# Problem details
Exclude the pictures, and otherwise reproduce the data in full.

# Record extracts

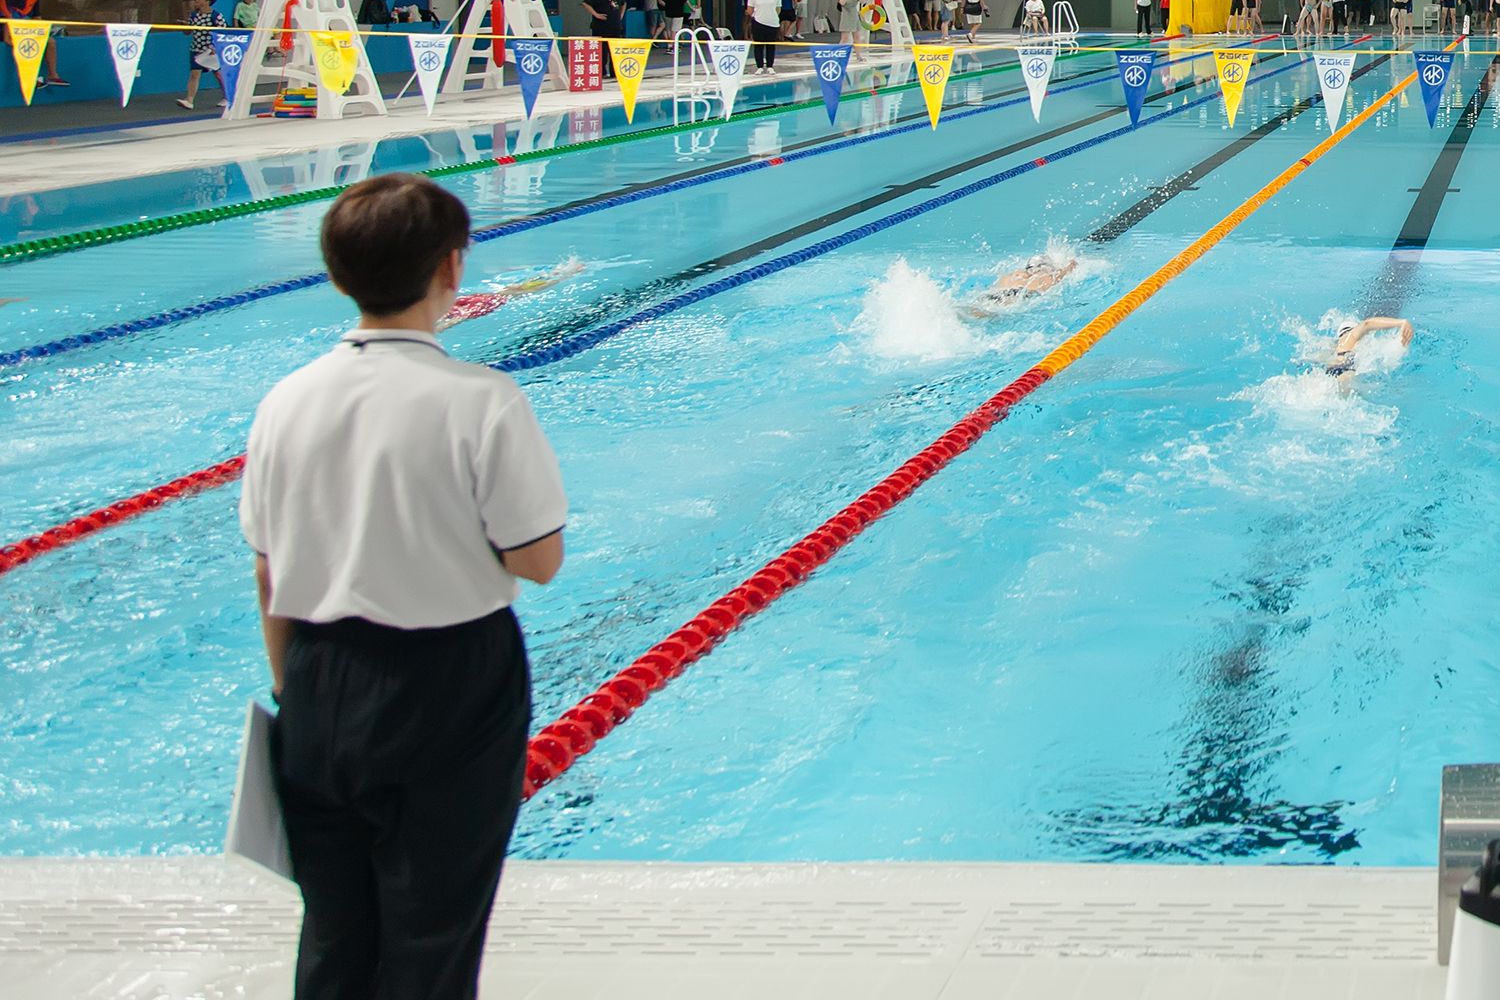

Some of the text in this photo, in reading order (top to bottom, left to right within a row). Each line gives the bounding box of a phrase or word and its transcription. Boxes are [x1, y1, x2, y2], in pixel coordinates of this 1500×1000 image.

[14, 28, 45, 36] ZOKE
[112, 29, 144, 37] ZOKE
[217, 34, 249, 43] ZOKE
[414, 40, 446, 48] ZOKE
[516, 43, 549, 52] ZOKE
[614, 47, 645, 55] ZOKE
[713, 45, 745, 53] ZOKE
[1021, 48, 1053, 56] ZOKE
[815, 50, 847, 58] ZOKE
[919, 54, 950, 62] ZOKE
[1218, 52, 1249, 61] ZOKE
[1120, 55, 1152, 64] ZOKE
[1319, 58, 1350, 66] ZOKE
[1418, 54, 1450, 63] ZOKE
[574, 40, 585, 88] 禁止潜水
[589, 40, 599, 87] 禁止嬉闹

# Final answer
Some of the text in this photo, in reading order (top to bottom, left to right within a row). Each line gives the bounding box of a phrase or word and its transcription. Boxes are [x1, y1, x2, y2], in pixel coordinates of this 1500×1000 image.

[14, 28, 45, 36] ZOKE
[112, 29, 144, 37] ZOKE
[217, 34, 249, 43] ZOKE
[414, 40, 446, 48] ZOKE
[516, 43, 549, 52] ZOKE
[614, 47, 645, 55] ZOKE
[713, 45, 745, 53] ZOKE
[1021, 48, 1053, 56] ZOKE
[815, 50, 847, 58] ZOKE
[919, 54, 950, 62] ZOKE
[1218, 52, 1249, 61] ZOKE
[1120, 55, 1152, 64] ZOKE
[1319, 58, 1350, 66] ZOKE
[1418, 54, 1450, 63] ZOKE
[574, 40, 585, 88] 禁止潜水
[589, 40, 599, 87] 禁止嬉闹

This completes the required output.